Knowledge of mutation status revealed itself to be a complex construct with a number of important associated issues. Overall, those who knew they were either BRCA1/2 mutation positive or negative reported lower cancer worry compared with the rest of the sample who did not know their result (including women where no familial mutation had been identified). In fact, women who knew they were mutation positive reported similar levels of cancer worry to those where a familial mutation had not been identified. This supports previous findings which have shown the highest levels of distress in those who chose not to know their mutation status (decliners) (Lerman et al. 1996). Lerman et al. posited that learning one’s mutation status may reduce prolonged uncertainty and thereby enhance quality of life. This may be true even when the result reveals a risk-conferring mutation.
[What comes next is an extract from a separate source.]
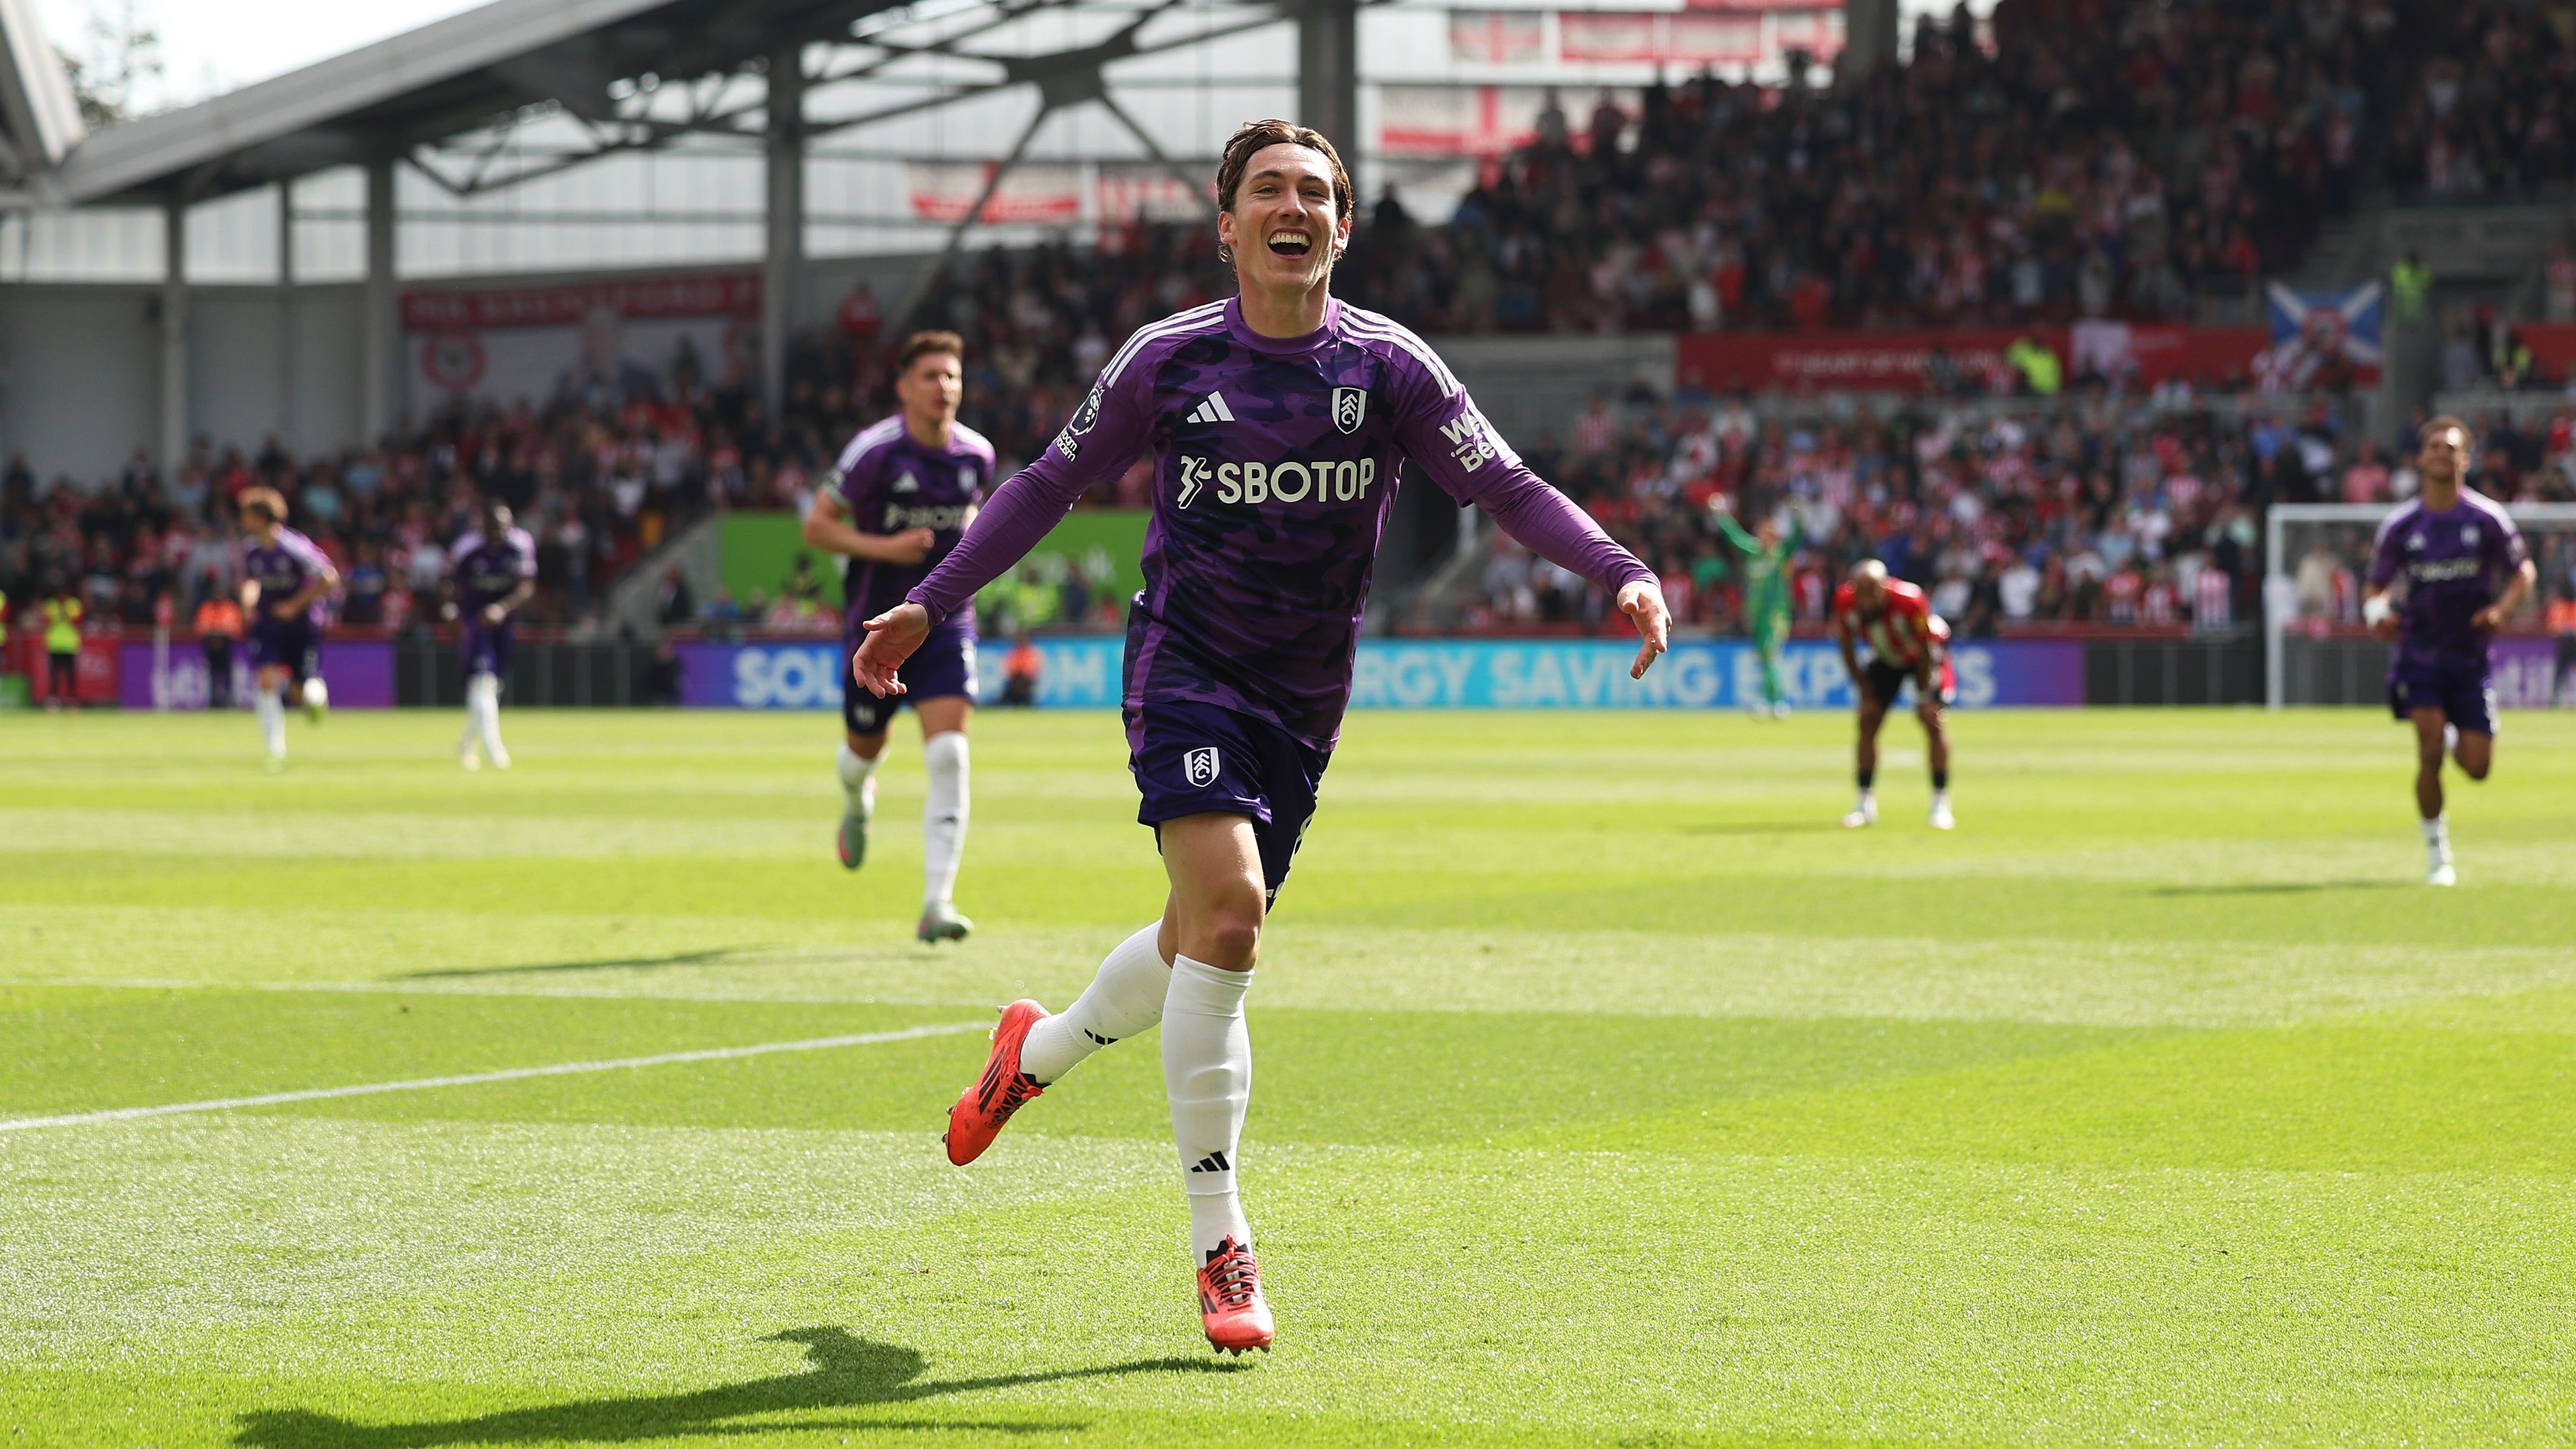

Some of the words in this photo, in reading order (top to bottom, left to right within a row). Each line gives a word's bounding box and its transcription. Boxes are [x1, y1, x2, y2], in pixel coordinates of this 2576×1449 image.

Decliners avoid knowledge but face ongoing uncertainty while those who cannot be tested because a family mutation has not been found are denied certainty.

Not having the support of a close family relationship was a significant predictor of cancer worry, supporting our hypothesis that social support may act as a buffer against the anxiety associated with being at high risk. Genetic counselling did not emerge as a predictive variable. However, this should not be interpreted as meaning that genetic counselling cannot reduce cancer worry; rather that in the current study genetic counselling was correlated with receiving a mutation result, therefore reducing its independent explanatory power in our model.

One of the strengths of this study of women at high risk of breast cancer lies in the study population. While not truly a population based sample, the utilisation of kConFab as the source of recruitment minimised the self-selecting clinic attendee biases of other studies. The distribution of education level of the current sample approximates that of the wider Australian community. However, some limitations should be noted. Firstly, the intrusive thoughts subscale of the Impact of Events Scale, used to assess cancer worry, targets a particular form of cancer related anxiety and such anxiety may manifest in different ways from intrusive thoughts. The inclusion of other measures may have improved sensitivity. Secondly, the primary aim of the study was to identify the relative importance of predictors of cancer worry and to test the model of a mediating role for perceived risk. Therefore, some issues, such as the individuals’ understanding of their mutation results and the relationship to genetic counselling, have not been fully examined here.

The study findings have clinically significant implications. Firstly, a number of variables, other than perceived risk, independently impact on level of cancer worry and may be useful to identify those at risk of elevated levels of cancer worry, to guide the development of appropriate interventions, and to inform the counseling process related to screening and prophylactic surgery decisions. Secondly, these results suggest that interventions targeted toward reducing cancer worry should incorporate strategies which target emotional responses, as well as support, education and information about hereditary breast-ovarian cancer risk.